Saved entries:

********

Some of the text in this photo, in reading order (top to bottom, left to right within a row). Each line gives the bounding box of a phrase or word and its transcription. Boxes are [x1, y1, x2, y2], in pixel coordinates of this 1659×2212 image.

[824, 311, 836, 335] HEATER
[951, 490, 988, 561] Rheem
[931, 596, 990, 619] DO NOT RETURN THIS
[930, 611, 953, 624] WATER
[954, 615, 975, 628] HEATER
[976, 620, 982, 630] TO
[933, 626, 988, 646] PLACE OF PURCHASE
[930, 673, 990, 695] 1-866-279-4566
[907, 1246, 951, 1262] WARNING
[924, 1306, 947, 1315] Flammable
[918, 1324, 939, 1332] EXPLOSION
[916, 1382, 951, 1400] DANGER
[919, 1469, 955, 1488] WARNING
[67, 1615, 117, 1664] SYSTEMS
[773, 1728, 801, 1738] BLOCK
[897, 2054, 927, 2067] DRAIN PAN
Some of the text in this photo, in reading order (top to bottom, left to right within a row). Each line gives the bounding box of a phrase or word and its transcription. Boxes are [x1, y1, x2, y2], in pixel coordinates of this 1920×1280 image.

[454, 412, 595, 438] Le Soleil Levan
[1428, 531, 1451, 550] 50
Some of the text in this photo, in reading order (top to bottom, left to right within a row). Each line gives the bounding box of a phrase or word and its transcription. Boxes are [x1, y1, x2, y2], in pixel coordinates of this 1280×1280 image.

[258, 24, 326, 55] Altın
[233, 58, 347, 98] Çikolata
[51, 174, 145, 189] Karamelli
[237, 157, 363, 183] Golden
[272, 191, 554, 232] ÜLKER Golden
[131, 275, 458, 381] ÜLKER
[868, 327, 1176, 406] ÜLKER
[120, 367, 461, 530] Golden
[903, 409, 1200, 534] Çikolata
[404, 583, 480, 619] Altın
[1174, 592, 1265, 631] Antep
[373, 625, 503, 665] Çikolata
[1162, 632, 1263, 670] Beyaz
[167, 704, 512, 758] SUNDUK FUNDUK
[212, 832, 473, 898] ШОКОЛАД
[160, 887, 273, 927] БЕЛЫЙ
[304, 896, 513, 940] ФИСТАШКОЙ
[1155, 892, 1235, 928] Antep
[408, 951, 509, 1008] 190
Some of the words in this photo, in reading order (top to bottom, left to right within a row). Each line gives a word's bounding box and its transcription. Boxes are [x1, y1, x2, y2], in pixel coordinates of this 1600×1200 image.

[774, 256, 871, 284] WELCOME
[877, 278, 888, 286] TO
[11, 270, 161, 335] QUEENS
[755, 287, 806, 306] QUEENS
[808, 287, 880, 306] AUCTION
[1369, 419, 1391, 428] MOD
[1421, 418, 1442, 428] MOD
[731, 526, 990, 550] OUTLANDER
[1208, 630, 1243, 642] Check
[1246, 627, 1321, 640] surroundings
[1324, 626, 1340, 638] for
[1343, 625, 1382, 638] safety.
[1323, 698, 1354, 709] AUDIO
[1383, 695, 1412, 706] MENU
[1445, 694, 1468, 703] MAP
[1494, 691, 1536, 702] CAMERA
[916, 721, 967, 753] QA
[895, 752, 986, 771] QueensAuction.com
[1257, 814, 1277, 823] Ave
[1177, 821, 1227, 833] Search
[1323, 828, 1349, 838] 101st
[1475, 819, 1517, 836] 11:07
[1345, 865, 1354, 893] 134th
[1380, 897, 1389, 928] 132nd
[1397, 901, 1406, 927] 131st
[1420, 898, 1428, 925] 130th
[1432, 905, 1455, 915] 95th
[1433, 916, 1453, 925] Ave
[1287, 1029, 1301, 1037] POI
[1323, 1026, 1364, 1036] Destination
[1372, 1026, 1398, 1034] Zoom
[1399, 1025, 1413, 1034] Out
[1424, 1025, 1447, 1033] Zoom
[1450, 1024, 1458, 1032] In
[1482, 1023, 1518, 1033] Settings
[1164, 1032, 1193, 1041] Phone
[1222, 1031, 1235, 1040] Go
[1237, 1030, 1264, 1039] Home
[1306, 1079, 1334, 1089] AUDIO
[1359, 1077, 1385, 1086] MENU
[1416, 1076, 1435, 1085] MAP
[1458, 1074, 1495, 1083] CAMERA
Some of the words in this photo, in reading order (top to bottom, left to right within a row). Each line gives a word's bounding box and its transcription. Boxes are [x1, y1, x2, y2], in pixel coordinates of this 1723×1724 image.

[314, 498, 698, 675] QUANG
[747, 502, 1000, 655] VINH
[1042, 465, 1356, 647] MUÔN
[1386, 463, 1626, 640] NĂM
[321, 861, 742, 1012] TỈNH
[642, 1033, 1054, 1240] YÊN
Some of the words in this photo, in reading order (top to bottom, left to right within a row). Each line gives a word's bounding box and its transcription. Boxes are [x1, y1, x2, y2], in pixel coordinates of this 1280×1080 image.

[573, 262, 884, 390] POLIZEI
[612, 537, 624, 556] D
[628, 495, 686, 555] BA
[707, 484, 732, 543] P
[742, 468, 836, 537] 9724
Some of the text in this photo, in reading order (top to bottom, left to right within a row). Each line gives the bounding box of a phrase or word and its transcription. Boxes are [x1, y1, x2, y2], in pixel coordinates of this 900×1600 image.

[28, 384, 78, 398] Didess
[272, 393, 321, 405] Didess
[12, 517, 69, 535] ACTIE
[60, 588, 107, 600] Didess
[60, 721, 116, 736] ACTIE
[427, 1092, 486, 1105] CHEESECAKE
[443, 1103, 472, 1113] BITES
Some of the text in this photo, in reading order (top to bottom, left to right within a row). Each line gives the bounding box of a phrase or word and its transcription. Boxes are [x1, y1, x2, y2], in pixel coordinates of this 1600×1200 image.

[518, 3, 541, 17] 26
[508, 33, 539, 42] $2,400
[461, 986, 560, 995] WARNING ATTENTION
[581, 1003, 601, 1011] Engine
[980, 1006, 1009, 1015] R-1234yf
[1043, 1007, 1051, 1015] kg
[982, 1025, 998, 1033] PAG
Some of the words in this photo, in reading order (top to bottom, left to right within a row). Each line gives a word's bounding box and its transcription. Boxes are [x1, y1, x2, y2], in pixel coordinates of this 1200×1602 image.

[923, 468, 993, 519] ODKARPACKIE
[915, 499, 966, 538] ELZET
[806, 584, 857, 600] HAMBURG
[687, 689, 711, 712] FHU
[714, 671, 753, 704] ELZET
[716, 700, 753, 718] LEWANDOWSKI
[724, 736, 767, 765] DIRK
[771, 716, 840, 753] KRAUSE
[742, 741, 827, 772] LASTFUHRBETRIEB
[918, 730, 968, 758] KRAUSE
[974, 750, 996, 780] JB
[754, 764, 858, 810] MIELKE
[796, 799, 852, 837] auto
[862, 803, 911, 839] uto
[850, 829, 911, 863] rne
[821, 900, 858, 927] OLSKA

********

_Exercise aim_: Copy out each line above, character for character.

_Finished task_:
Some of the text in this photo, in reading order (top to bottom, left to right within a row). Each line gives the bounding box of a phrase or word and its transcription. Boxes are [x1, y1, x2, y2], in pixel coordinates of this 1659×2212 image.

[824, 311, 836, 335] HEATER
[951, 490, 988, 561] Rheem
[931, 596, 990, 619] DO NOT RETURN THIS
[930, 611, 953, 624] WATER
[954, 615, 975, 628] HEATER
[976, 620, 982, 630] TO
[933, 626, 988, 646] PLACE OF PURCHASE
[930, 673, 990, 695] 1-866-279-4566
[907, 1246, 951, 1262] WARNING
[924, 1306, 947, 1315] Flammable
[918, 1324, 939, 1332] EXPLOSION
[916, 1382, 951, 1400] DANGER
[919, 1469, 955, 1488] WARNING
[67, 1615, 117, 1664] SYSTEMS
[773, 1728, 801, 1738] BLOCK
[897, 2054, 927, 2067] DRAIN PAN
Some of the text in this photo, in reading order (top to bottom, left to right within a row). Each line gives the bounding box of a phrase or word and its transcription. Boxes are [x1, y1, x2, y2], in pixel coordinates of this 1920×1280 image.

[454, 412, 595, 438] Le Soleil Levan
[1428, 531, 1451, 550] 50
Some of the text in this photo, in reading order (top to bottom, left to right within a row). Each line gives the bounding box of a phrase or word and its transcription. Boxes are [x1, y1, x2, y2], in pixel coordinates of this 1280×1280 image.

[258, 24, 326, 55] Altın
[233, 58, 347, 98] Çikolata
[51, 174, 145, 189] Karamelli
[237, 157, 363, 183] Golden
[272, 191, 554, 232] ÜLKER Golden
[131, 275, 458, 381] ÜLKER
[868, 327, 1176, 406] ÜLKER
[120, 367, 461, 530] Golden
[903, 409, 1200, 534] Çikolata
[404, 583, 480, 619] Altın
[1174, 592, 1265, 631] Antep
[373, 625, 503, 665] Çikolata
[1162, 632, 1263, 670] Beyaz
[167, 704, 512, 758] SUNDUK FUNDUK
[212, 832, 473, 898] ШОКОЛАД
[160, 887, 273, 927] БЕЛЫЙ
[304, 896, 513, 940] ФИСТАШКОЙ
[1155, 892, 1235, 928] Antep
[408, 951, 509, 1008] 190
Some of the words in this photo, in reading order (top to bottom, left to right within a row). Each line gives a word's bounding box and its transcription. Boxes are [x1, y1, x2, y2], in pixel coordinates of this 1600×1200 image.

[774, 256, 871, 284] WELCOME
[877, 278, 888, 286] TO
[11, 270, 161, 335] QUEENS
[755, 287, 806, 306] QUEENS
[808, 287, 880, 306] AUCTION
[1369, 419, 1391, 428] MOD
[1421, 418, 1442, 428] MOD
[731, 526, 990, 550] OUTLANDER
[1208, 630, 1243, 642] Check
[1246, 627, 1321, 640] surroundings
[1324, 626, 1340, 638] for
[1343, 625, 1382, 638] safety.
[1323, 698, 1354, 709] AUDIO
[1383, 695, 1412, 706] MENU
[1445, 694, 1468, 703] MAP
[1494, 691, 1536, 702] CAMERA
[916, 721, 967, 753] QA
[895, 752, 986, 771] QueensAuction.com
[1257, 814, 1277, 823] Ave
[1177, 821, 1227, 833] Search
[1323, 828, 1349, 838] 101st
[1475, 819, 1517, 836] 11:07
[1345, 865, 1354, 893] 134th
[1380, 897, 1389, 928] 132nd
[1397, 901, 1406, 927] 131st
[1420, 898, 1428, 925] 130th
[1432, 905, 1455, 915] 95th
[1433, 916, 1453, 925] Ave
[1287, 1029, 1301, 1037] POI
[1323, 1026, 1364, 1036] Destination
[1372, 1026, 1398, 1034] Zoom
[1399, 1025, 1413, 1034] Out
[1424, 1025, 1447, 1033] Zoom
[1450, 1024, 1458, 1032] In
[1482, 1023, 1518, 1033] Settings
[1164, 1032, 1193, 1041] Phone
[1222, 1031, 1235, 1040] Go
[1237, 1030, 1264, 1039] Home
[1306, 1079, 1334, 1089] AUDIO
[1359, 1077, 1385, 1086] MENU
[1416, 1076, 1435, 1085] MAP
[1458, 1074, 1495, 1083] CAMERA
Some of the words in this photo, in reading order (top to bottom, left to right within a row). Each line gives a word's bounding box and its transcription. Boxes are [x1, y1, x2, y2], in pixel coordinates of this 1723×1724 image.

[314, 498, 698, 675] QUANG
[747, 502, 1000, 655] VINH
[1042, 465, 1356, 647] MUÔN
[1386, 463, 1626, 640] NĂM
[321, 861, 742, 1012] TỈNH
[642, 1033, 1054, 1240] YÊN
Some of the words in this photo, in reading order (top to bottom, left to right within a row). Each line gives a word's bounding box and its transcription. Boxes are [x1, y1, x2, y2], in pixel coordinates of this 1280×1080 image.

[573, 262, 884, 390] POLIZEI
[612, 537, 624, 556] D
[628, 495, 686, 555] BA
[707, 484, 732, 543] P
[742, 468, 836, 537] 9724
Some of the text in this photo, in reading order (top to bottom, left to right within a row). Each line gives the bounding box of a phrase or word and its transcription. Boxes are [x1, y1, x2, y2], in pixel coordinates of this 900×1600 image.

[28, 384, 78, 398] Didess
[272, 393, 321, 405] Didess
[12, 517, 69, 535] ACTIE
[60, 588, 107, 600] Didess
[60, 721, 116, 736] ACTIE
[427, 1092, 486, 1105] CHEESECAKE
[443, 1103, 472, 1113] BITES
Some of the text in this photo, in reading order (top to bottom, left to right within a row). Each line gives the bounding box of a phrase or word and its transcription. Boxes are [x1, y1, x2, y2], in pixel coordinates of this 1600×1200 image.

[518, 3, 541, 17] 26
[508, 33, 539, 42] $2,400
[461, 986, 560, 995] WARNING ATTENTION
[581, 1003, 601, 1011] Engine
[980, 1006, 1009, 1015] R-1234yf
[1043, 1007, 1051, 1015] kg
[982, 1025, 998, 1033] PAG
Some of the words in this photo, in reading order (top to bottom, left to right within a row). Each line gives a word's bounding box and its transcription. Boxes are [x1, y1, x2, y2], in pixel coordinates of this 1200×1602 image.

[923, 468, 993, 519] ODKARPACKIE
[915, 499, 966, 538] ELZET
[806, 584, 857, 600] HAMBURG
[687, 689, 711, 712] FHU
[714, 671, 753, 704] ELZET
[716, 700, 753, 718] LEWANDOWSKI
[724, 736, 767, 765] DIRK
[771, 716, 840, 753] KRAUSE
[742, 741, 827, 772] LASTFUHRBETRIEB
[918, 730, 968, 758] KRAUSE
[974, 750, 996, 780] JB
[754, 764, 858, 810] MIELKE
[796, 799, 852, 837] auto
[862, 803, 911, 839] uto
[850, 829, 911, 863] rne
[821, 900, 858, 927] OLSKA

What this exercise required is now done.